There is much to be uncovered at the start of this stage adaptation of The Box of Delights, in more ways than one. Everything was concealed with sheeting – there are no stage curtains at this venue for the set to hide behind. Set, rather specifically, according to the show’s programme, on ‘Tuesday 20th December 1938’ (and subsequent days leading up to Christmas Day itself), this is a period production, with costumes befitting the era.
The style in which some of the lines were delivered, however, was more 1830s than 1930s, with a considerable amount of melodrama. Naturalism couldn’t really permeate The Box of Delights in any event: the worldview is far from secular. That said, the Bishop of Tatchester (Mark Extance) seems to play Father Christmas himself during his (presumably full house) Christmas service, a departure from the usual religious platitudes about treasuring life and happiness over materialism.
The play is very plot-heavy, which is wonderful for people like me who have never seen the BBC Television series, first screened in 1984, or read John Masefield’s 1935 novel. But for whatever reason, perhaps in what I can only assume is a diligent and faithful commitment to bring as much of the original text ‘from page to stage’ as possible, the production drags, particularly in the second half, getting bogged down in the details of the storyline. The end result is that the play feels about twenty minutes longer than it ought to be.
Interval conversations indicated some concern about whether the younger members in the audience were able to follow everything going on. With the benefit of hindsight, I am unable to share such a viewpoint: this is an adaptation of a book written for children, and, at the risk of sounding terse, it’s not exactly rocket science. Young adult actors play the children: make of this what you will. Kay Harker (Alistair Toovey), Mariah Jones (Safiyya Ingar) and Peter Jones (Samuel Simmonds) are the adventurers.

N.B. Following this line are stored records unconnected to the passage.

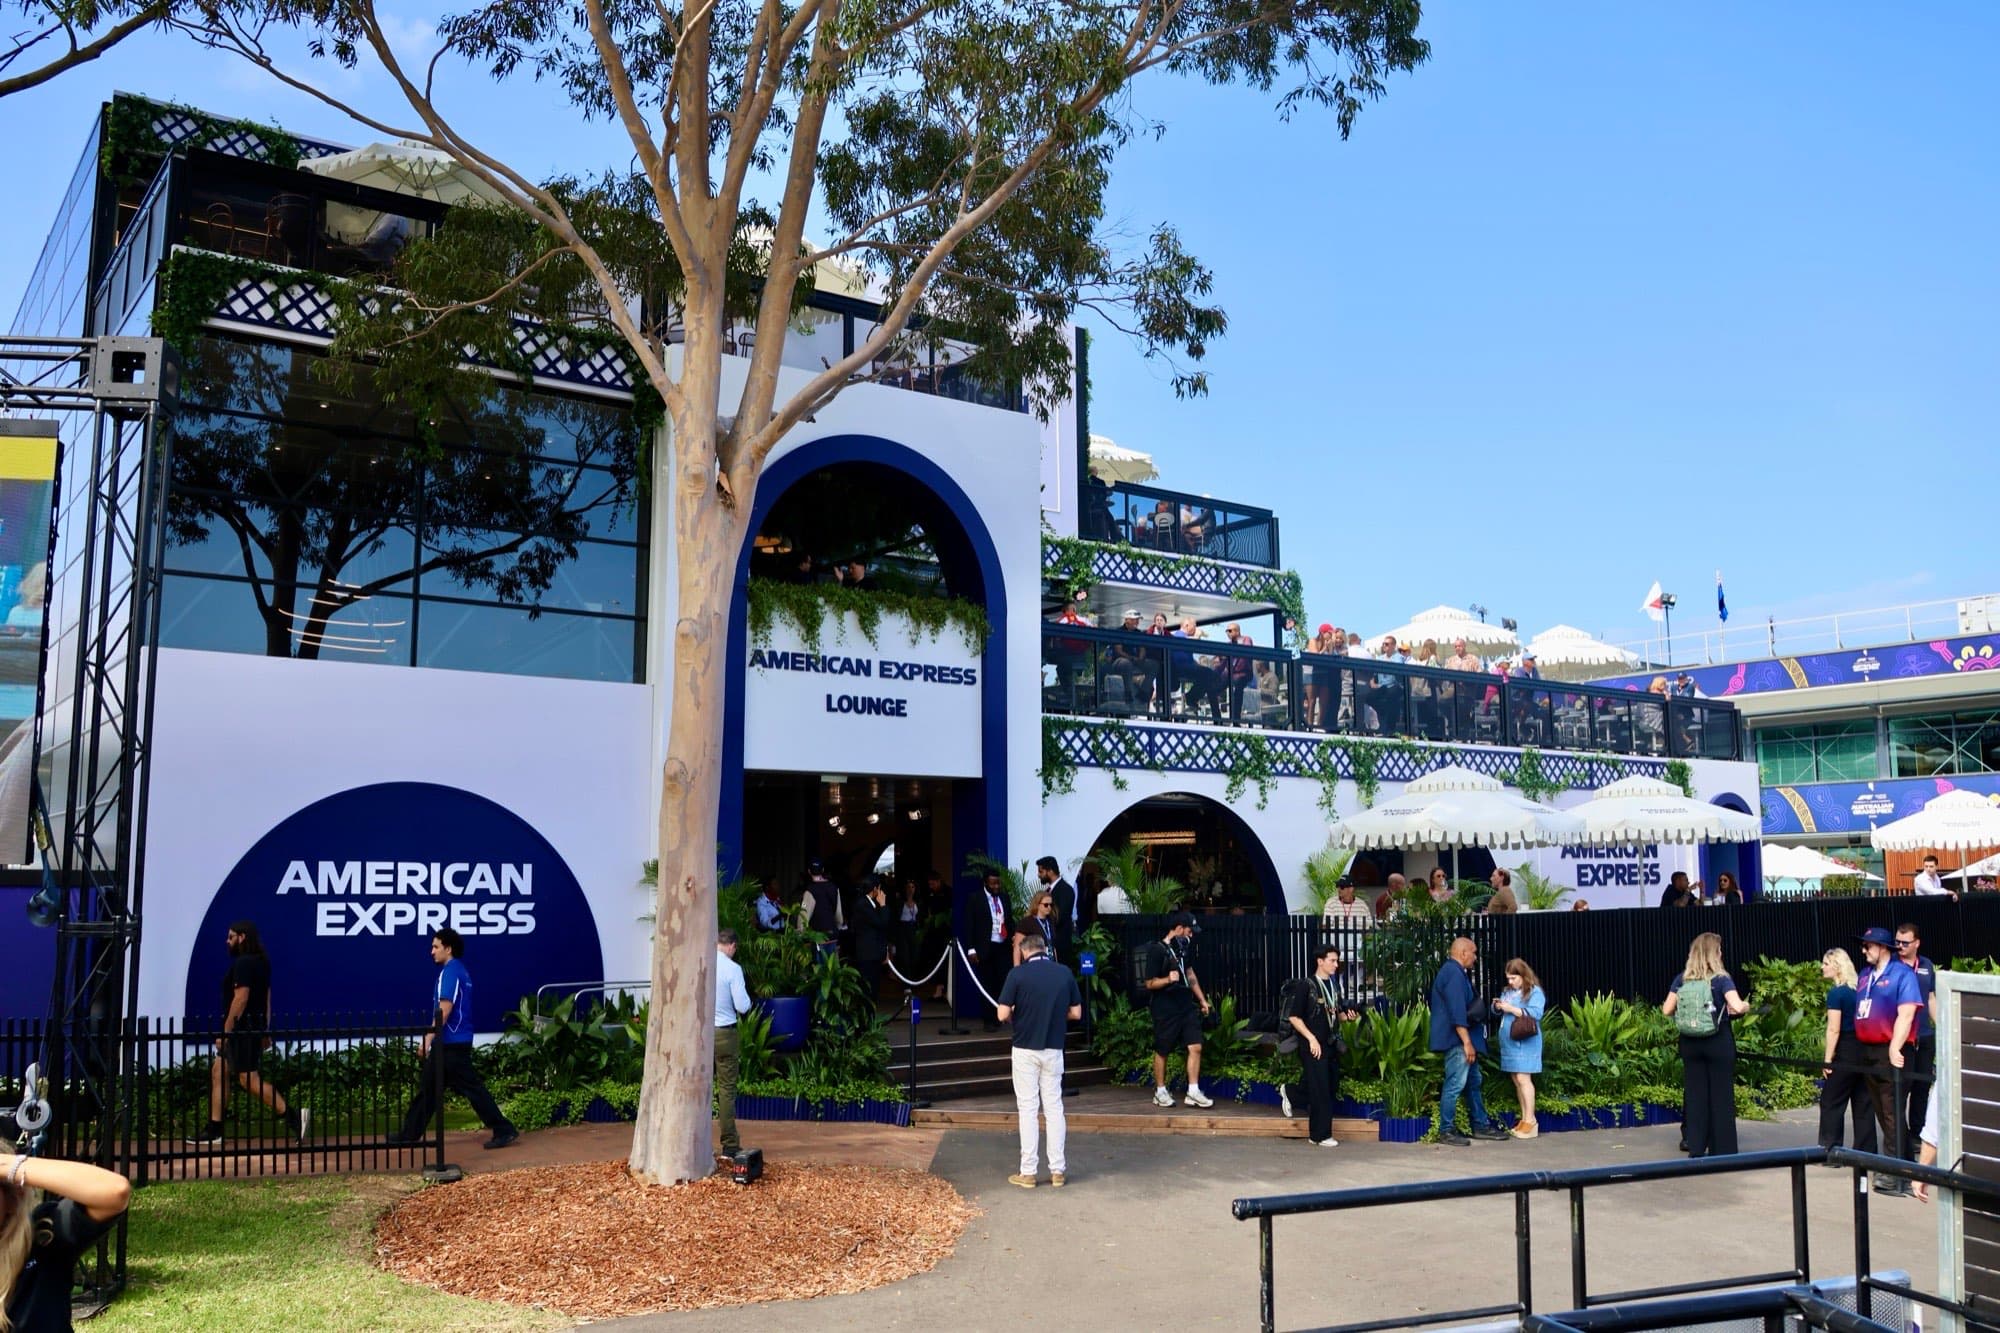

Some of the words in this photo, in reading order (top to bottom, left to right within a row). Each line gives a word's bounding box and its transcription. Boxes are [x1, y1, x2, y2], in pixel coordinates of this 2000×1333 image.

[748, 649, 872, 677] AMERICAN
[879, 660, 977, 686] EXPRESS
[826, 693, 908, 718] LOUNGE
[275, 860, 533, 896] AMERICAN
[1576, 863, 1661, 887] EXPRESS
[316, 902, 536, 936] EXPRESS

Cole Hawlings (Matthew Kelly, a suitably imposing presence, if a little peculiar) picks out Kay, returning home from boarding school back in the halcyon days when trains departed on time, as a rather unlikely custodian of The Box. Quite why it had to be Kay as opposed to anyone else wasn’t made clear as far as I could deduce, but this was hardly the salient point of the play.
There are three things The Box can accomplish, though I won’t say what they are here, and anyone who knows the story will know what those things are anyway. The key difference lies in the definition of the term ‘delights’ – in short, what one person finds delightful won’t appeal to someone else. It explains why Abner Brown (also Matthew Kelly; through inventive video technology, he ends up in one late scene playing both protagonist Hawlings and antagonist Brown at the same time) is obsessed with getting The Box for himself. If Brown were to take possession of The Box, his evil plans can be carried out with infinitely greater efficiency and effectiveness, y’see.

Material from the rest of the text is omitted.